Electronic Supplementary Material – Seo et al

advertisement
Electronic Supplementary Material – Seo et al.
Species distribution models (SDMs) have a number of advantages and disadvantages that
require a thorough understanding of their operation for correct use (Heikkinen et al.
2006). To date, SDM assessments have focused on comparing model performance
criteria (Fielding & Bell 1997). Widely used metrics in such assessments include area
under the Receiver Operating Characteristic curve (AUC) (Pearce & Ferrier. 2000), and
the Kappa statistic (Monserud. & Leemans 1992; Elith et al. 2006).

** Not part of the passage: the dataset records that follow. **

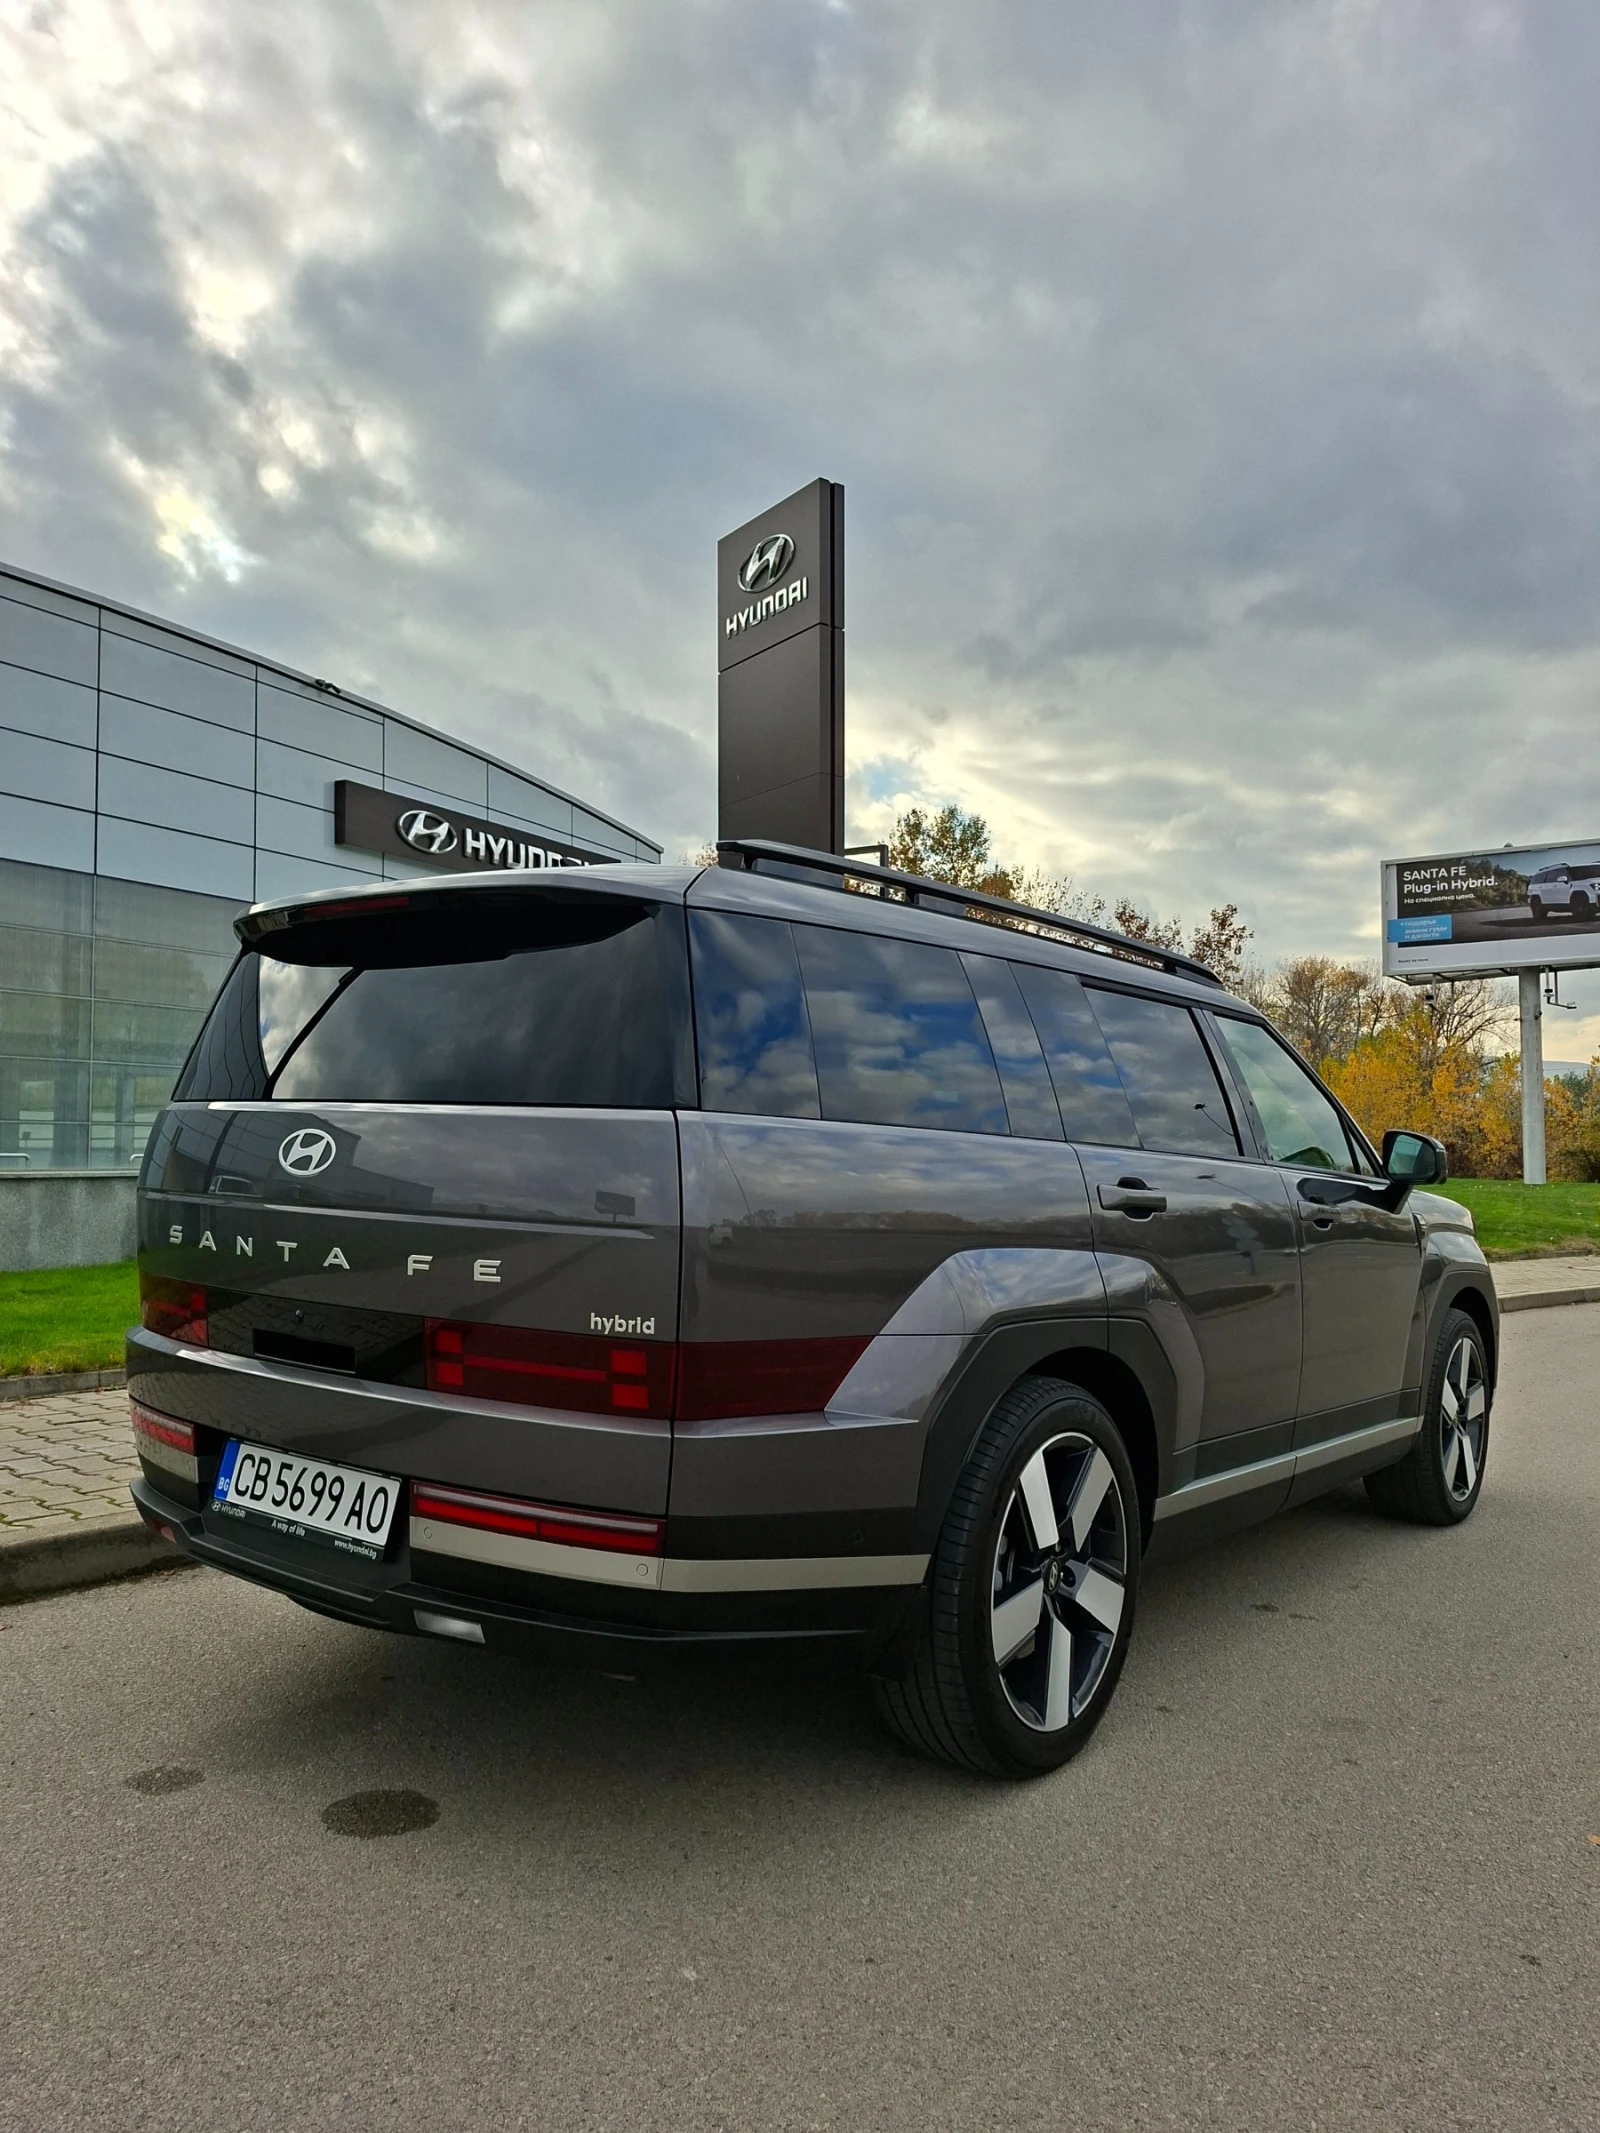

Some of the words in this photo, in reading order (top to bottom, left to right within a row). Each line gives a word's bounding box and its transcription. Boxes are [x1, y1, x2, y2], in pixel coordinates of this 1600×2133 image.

[726, 576, 808, 639] HYUNDAI
[465, 828, 590, 869] HYUND
[1403, 868, 1448, 881] SANTA
[1450, 865, 1467, 877] FE
[1404, 880, 1448, 894] Plug-in
[1451, 875, 1498, 891] Hybrid.
[168, 1224, 351, 1270] SANTA
[407, 1254, 501, 1283] FE
[590, 1312, 656, 1336] hybrid
[218, 1476, 230, 1492] BG
[221, 1504, 246, 1519] HYUNDAI
[271, 1519, 277, 1528] A
[276, 1522, 288, 1534] way
[288, 1524, 295, 1533] of
[295, 1525, 306, 1537] life
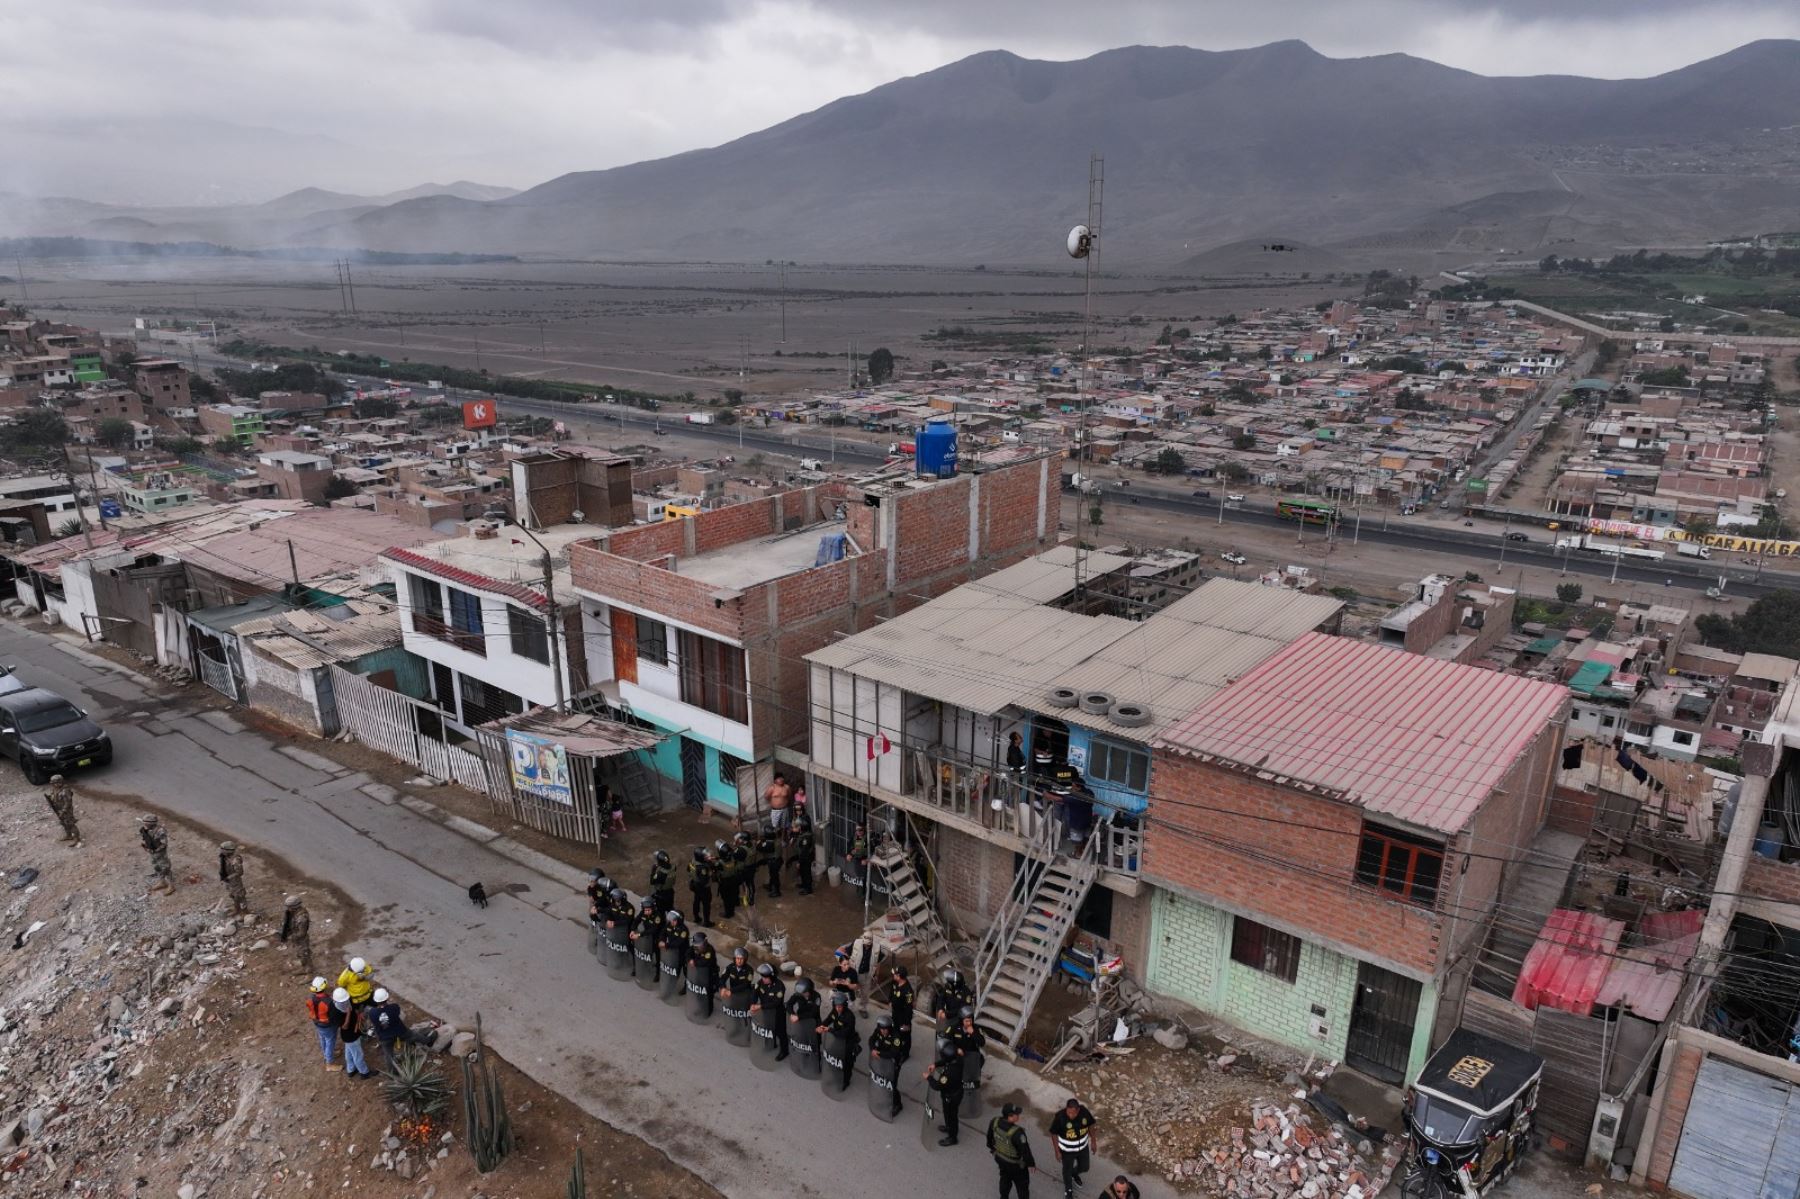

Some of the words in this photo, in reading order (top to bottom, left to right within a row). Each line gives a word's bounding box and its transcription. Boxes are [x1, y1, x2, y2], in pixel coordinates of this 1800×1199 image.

However, these
indices can be uninformative, because with sufficient samples, many SDMs will indicate
similar levels of performance (Stockwell & Peterson 2002), while they may have
weighted predictor variables differently.
There is a critical need to quantify the bias introduced by coarse-scale predictor variables
(such as global climate models outputs) because these may cause SDMs to over-predict,
area for species’ ranges even while performance metrics such as AUC are high. In turn,
over-predicted species’ ranges could be problematic for conservation planners, because
areas predicted as suitable under climate change may not be. Landscape ecologists
grappling with scale effects have called for using a multi-criteria approach to assessing
how scale impacts pattern and process (Qi & Wu 1996). In species distribution modeling,
there is a need to identify what scales are best suited to accurately capturing actual
distribution of a species, which could be a guide to what scale is appropriate for running
SDMs at in the first place (Meyer & Thuiller 2006).
This study conducted tests of scale effect on species distribution models that used a
framework in which comparison of model outputs was possible. Our assumption was that
smaller grid size models would produce range predictions with greater fidelity to what a
species’ range actually is, and that there is a decay in accuracy that could be quantified as
model grid size increases. Figure 1 (a) shows the methods used in developing the
framework. SDM response variables (species presence and absence) were resampled as
shown along the top of the boxes, with the original survey points used to define a species’
presence or absence at each of seven spatial scales. Predictor variables were selected
from the WorldClim data set which has a native resolution of 1 km2. These data were
resampled as shown in the arrows along the bottom of the boxes in figure 1 (a), into the
other six spatial scales used in the model.
The number of presence and absence points and cells for each species, and the number of
presence and absence grid cells used for running the SDMs at each grid size is shown in
table 1.The distribution of species’ presence and absence points used here represents the
best available data for use in our study system, the contributed efforts of multiple
government agencies, herbaria, and scientific researchers. The maps species presence and
absence used (figure 2) illustrate the extensive geographic coverage available in
California. It is debatable whether the use of real absences is better or worse than the use
of randomly selected absences that some algorithms employ (e.g. Maxent, GARP). We
considered the use of registered absence points an advance over studies that have used
only presence data, such as herbarium records, and randomly assigned absences for
model development. However, this study was not able to test that assumption.
We used a simple resampling approach to test the scale sensitivity of SDMs developed
with climate data. Resampling of predictive variables Worldclim data to larger grid size
was done by averaging the smaller grid cells found in each larger grid cell (following
Guisan et. al, 2007). The original data of Worldclim were at a 30 second resolution, the
other 3 data (2.5, 5 and 10 minutes) have been derived through the aggregation
(http://www.worldclim.org/format.htm). Predictor variables were resampled to each of
the six other grid sizes by using the mean value of 1 km2 grid cells found within each
other grid size (e.g. 4x4 km) to produce a predictor variable value in each grid cell for
each grid size. Resampling of predictor variables was conducted in ArcGIS (ESRI 2007)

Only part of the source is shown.